Operação desarticula esquema de fraude em concurso da PM do Tocantins; candidatos pagavam até R$ 50 mil por provas feitas por terceiros

Ação da Polícia Civil cumpriu mandados em quatro estados e revelou uso de “pilotos” para substituir inscritos no certame realizado em 2025.
Imediato News / SPP-TO

A Polícia Civil do Tocantins deflagrou, na manhã desta quarta-feira (18), a Operação Última Etapa, que desarticulou uma organização criminosa especializada em fraudes em concursos públicos. O grupo é suspeito de atuar no concurso da Polícia Militar do Tocantins (PM/TO), realizado em junho de 2025.

Ao todo, foram cumpridos oito mandados de prisão preventiva e nove de busca e apreensão, expedidos pela Justiça de Palmas. As ações ocorreram de forma simultânea nos estados de Pernambuco, Paraíba, Pará e Goiás.

Segundo as investigações, o esquema funcionava com a substituição de candidatos inscritos por terceiros, conhecidos como “pilotos”, que faziam as provas no lugar dos verdadeiros participantes. O serviço ilegal podia custar até R$ 50 mil.

Entre os presos, estão cinco candidatos suspeitos de contratar o esquema. Outros três são apontados como integrantes da organização criminosa que executavam as provas. Um deles é agente socioeducativo no Distrito Federal, outro atua como policial rodoviário federal no Pará, e o terceiro é ex-policial militar da Paraíba, já excluído da corporação por envolvimento em crimes.

As apurações começaram após a Polícia Militar do Tocantins identificar indícios de irregularidades no concurso e compartilhar informações com a Polícia Civil.
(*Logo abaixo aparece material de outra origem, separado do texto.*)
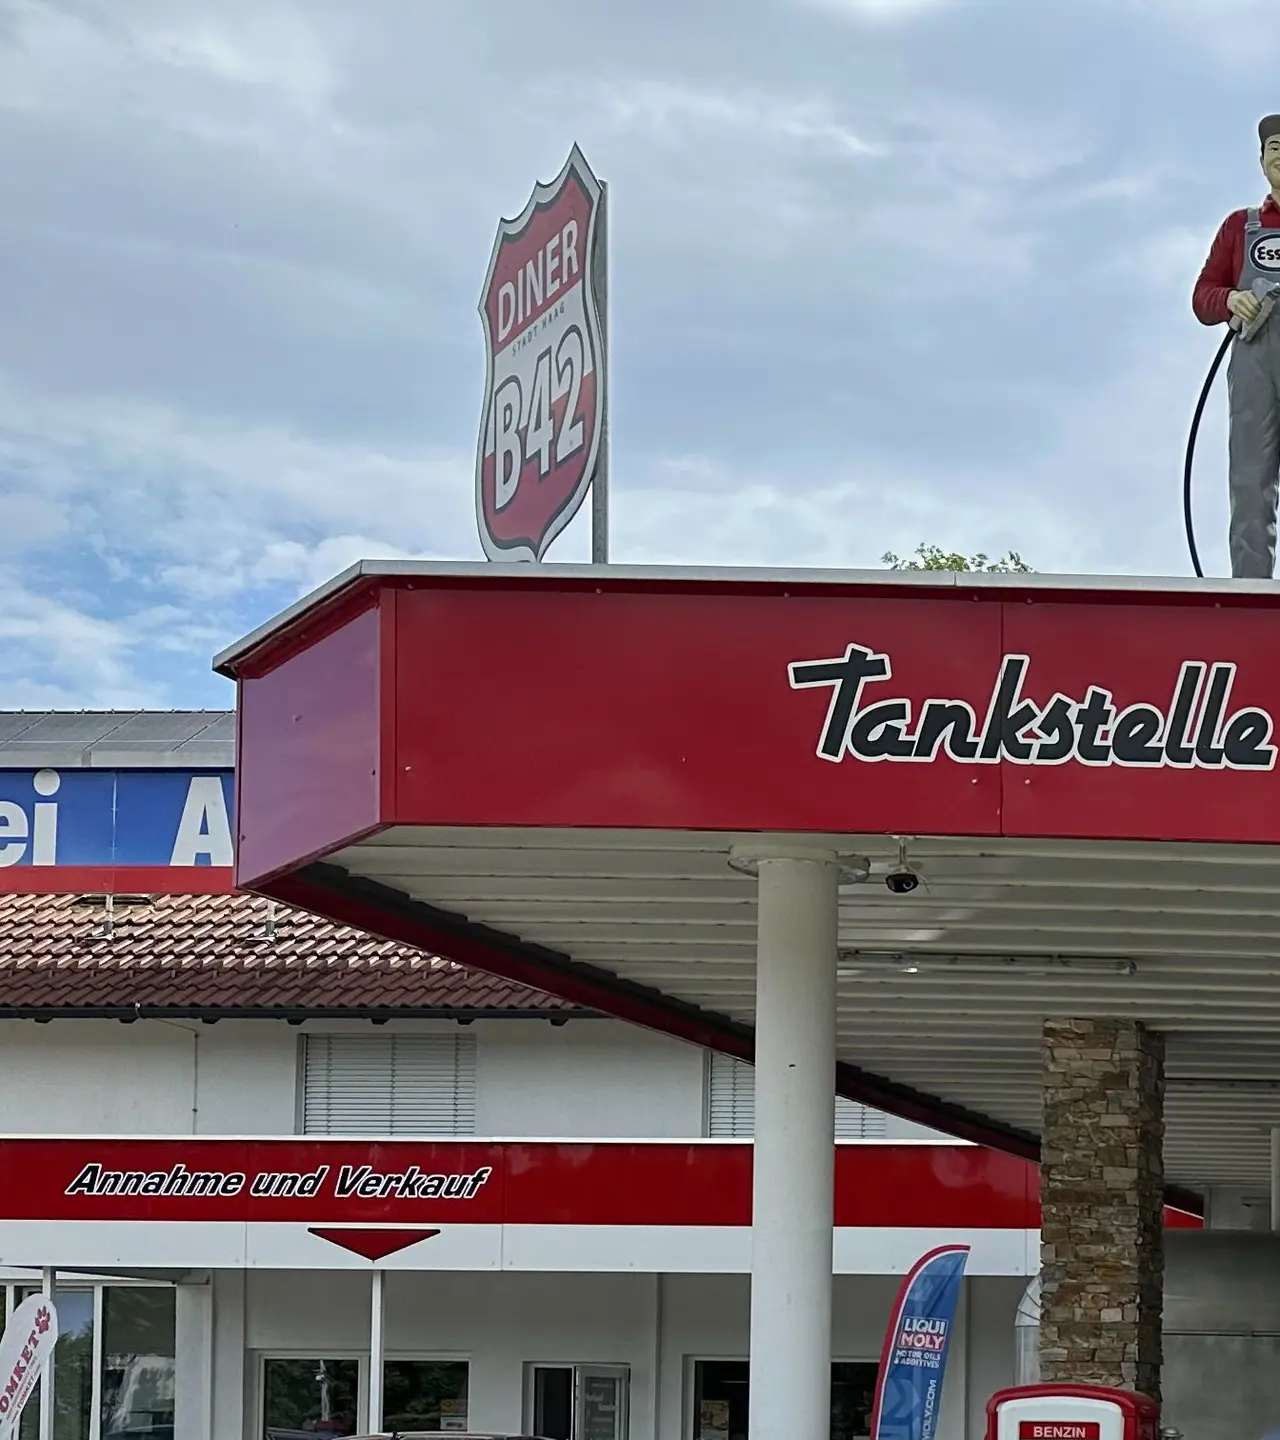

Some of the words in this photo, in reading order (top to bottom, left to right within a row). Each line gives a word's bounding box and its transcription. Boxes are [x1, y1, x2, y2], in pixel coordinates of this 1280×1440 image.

[497, 218, 579, 343] DINER
[512, 325, 538, 357] STADT
[541, 302, 565, 329] HAAG
[494, 324, 586, 514] B42
[787, 644, 1277, 769] Tankstelle
[64, 1163, 243, 1197] Annahme
[250, 1165, 329, 1197] und
[334, 1165, 492, 1200] Verkauf
[900, 1332, 944, 1349] MOLY
[904, 1318, 946, 1335] LIQUI
[0, 1329, 39, 1423] OMKET
[1033, 1426, 1086, 1439] BENZIN
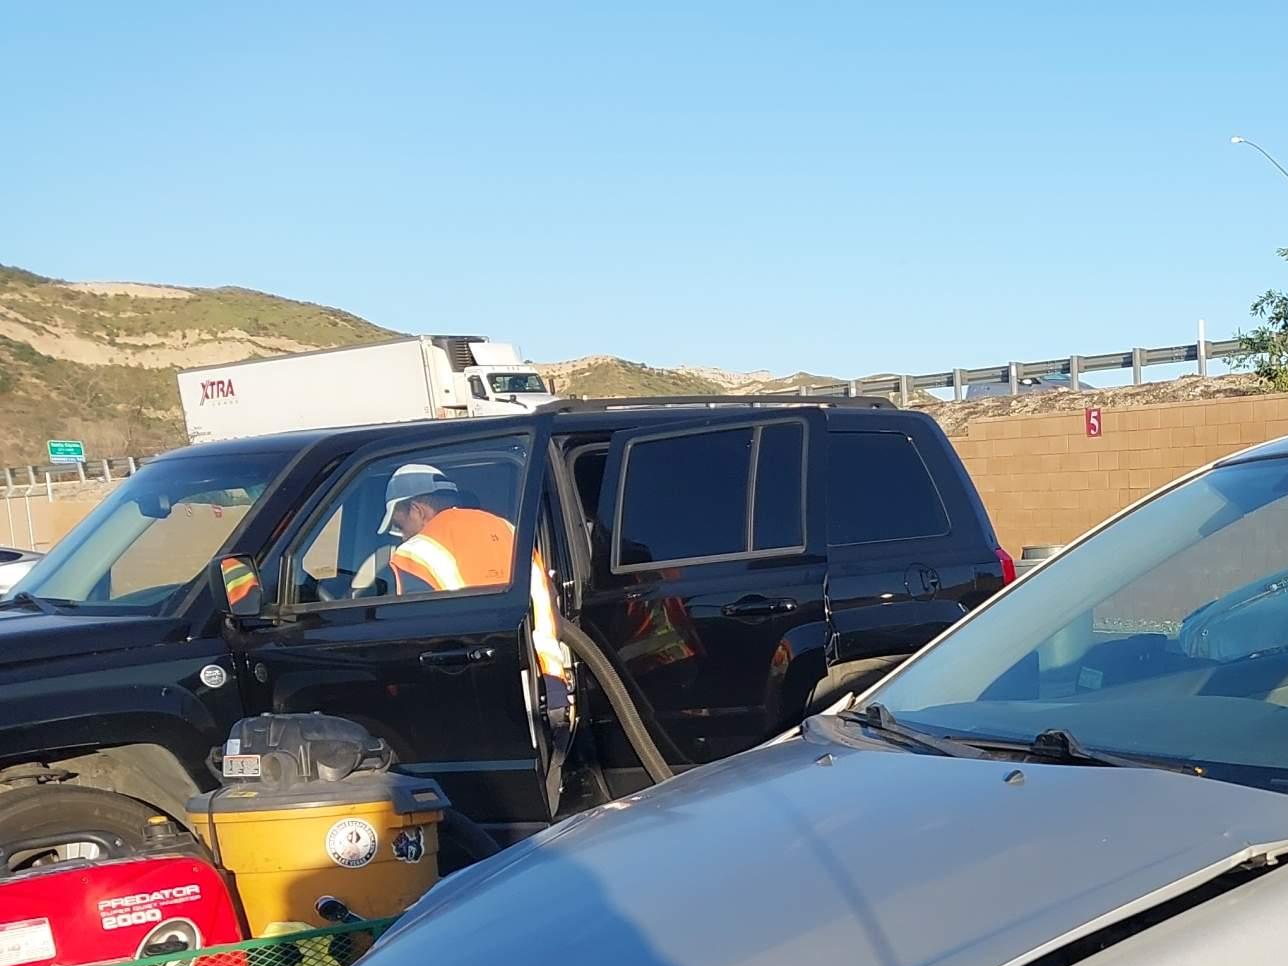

A partir daí, houve atuação integrada entre forças de segurança, com troca de dados e análises técnicas.

Durante a investigação, foram reunidas provas consideradas robustas, como exames de impressões digitais que apontaram incompatibilidade entre os candidatos e quem realizou as provas, além de análises grafotécnicas que identificaram divergências em assinaturas. Relatórios de inteligência também indicaram que o grupo atuava de forma organizada, com divisão de funções.

De acordo com a Polícia Civil, a operação tem como foco responsabilizar os envolvidos, preservar provas e garantir a lisura do concurso público.

O diretor da Delegacia de Repressão à Corrupção e ao Crime Organizado (Dracco), delegado Afonso Lyra, destacou que o esquema era estruturado e atuava de forma coordenada. “A resposta demonstra o compromisso com o combate às organizações criminosas e com a transparência dos certames públicos”, afirmou.

A operação contou com apoio das Polícias Civis de outros estados, além da colaboração da Polícia Militar do Tocantins e da Corregedoria da Polícia Rodoviária Federal.